I’m Not Sure I’ll Ever Go Back to Bartending Full-Time

Restaurant Diaries is a weekly series featuring four different people working in the industry. Each week, you’ll hear from one of them, from a line cook in Denver to a farmer in Winters, California. This week’s diarist is Jenny Feldt, who recently left her bartending and beverage consulting job to resume her role as a brand ambassador for Grey Goose.

Moving during COVID isn’t necessarily something that I’d recommend—much less moving twice—but when there’s a pandemic and so little is in your control, it felt like the right thing to do for my sanity. Initially, I was working as a brand ambassador for Grey Goose in Atlanta, but last August the company furloughed a number of employees, including me. When that happened I decided to return home to D.C. to work as a beverage consultant, which is how I ended up at Prost. It was nice to return to my roots, training bartenders and creating a beverage program.

The last few months at Prost required a lot of thinking on our toes. And with everything that has been going on in D.C., we took things one day at a time. The ban on indoor dining went into effect at the beginning of January, so we had to find creative ways to drive to-go sales and amp up outdoor seating, which is definitely challenging when temperatures drop below freezing. Cocktails can help, though, and we made sure that Prost’s three signature warm cocktails weren’t just specials that appeared every so often on menus but ready to rock and roll at all times.

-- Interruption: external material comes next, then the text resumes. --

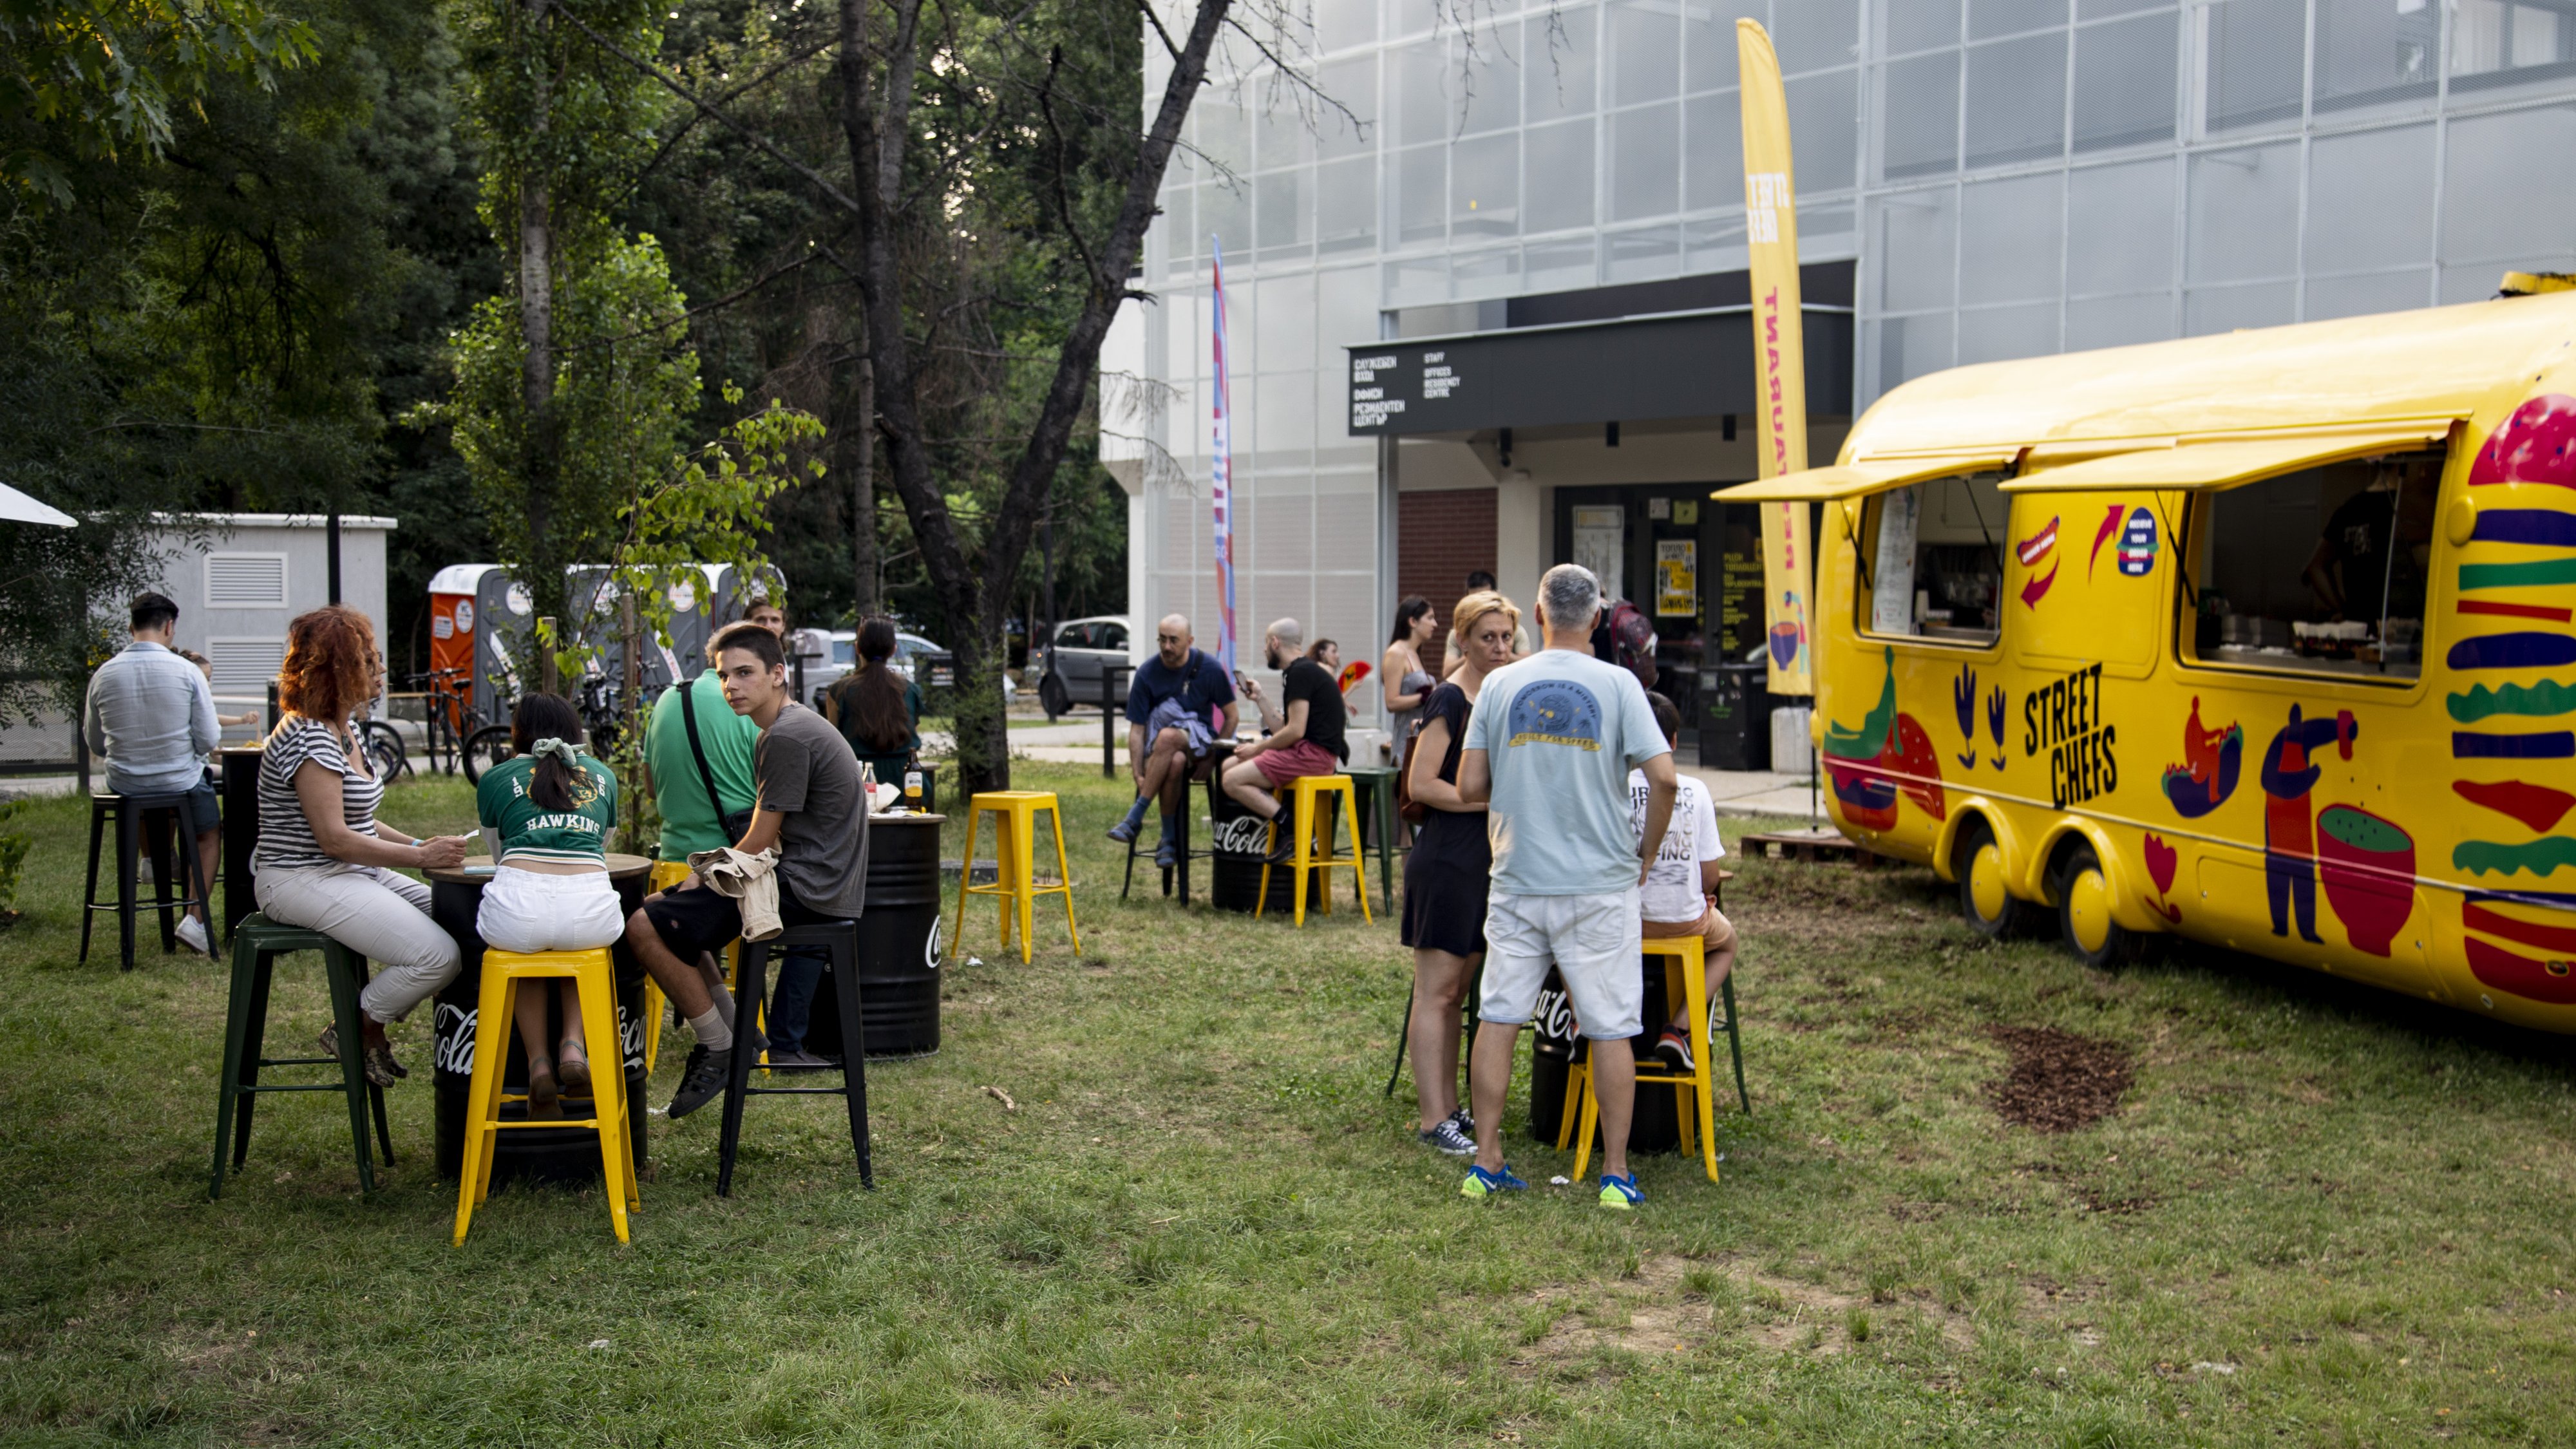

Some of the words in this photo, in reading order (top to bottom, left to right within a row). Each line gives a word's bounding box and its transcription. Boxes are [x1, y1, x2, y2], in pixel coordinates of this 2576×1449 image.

Even when you’re making drinks that customers love, being a bartender during a pandemic is difficult. In the service industry it’s crucial to be able to understand your guests, anticipate their wants, and get a sense of what kind of experience they’re looking for. Everyone is different—some folks want a super-curated, personalized cocktail whereas others just want a beer, some food, and to be left alone. But you can only figure that out by having some interaction with them.

During the pandemic that all disappeared. I had to depend on servers to get a feel for guests, and I just made cocktails according to my recipes. I still managed to find ways to connect. I would send out handwritten notes with to-go orders or write a story or history of the cocktail on the chalkboard to interact with customers at even the most basic level.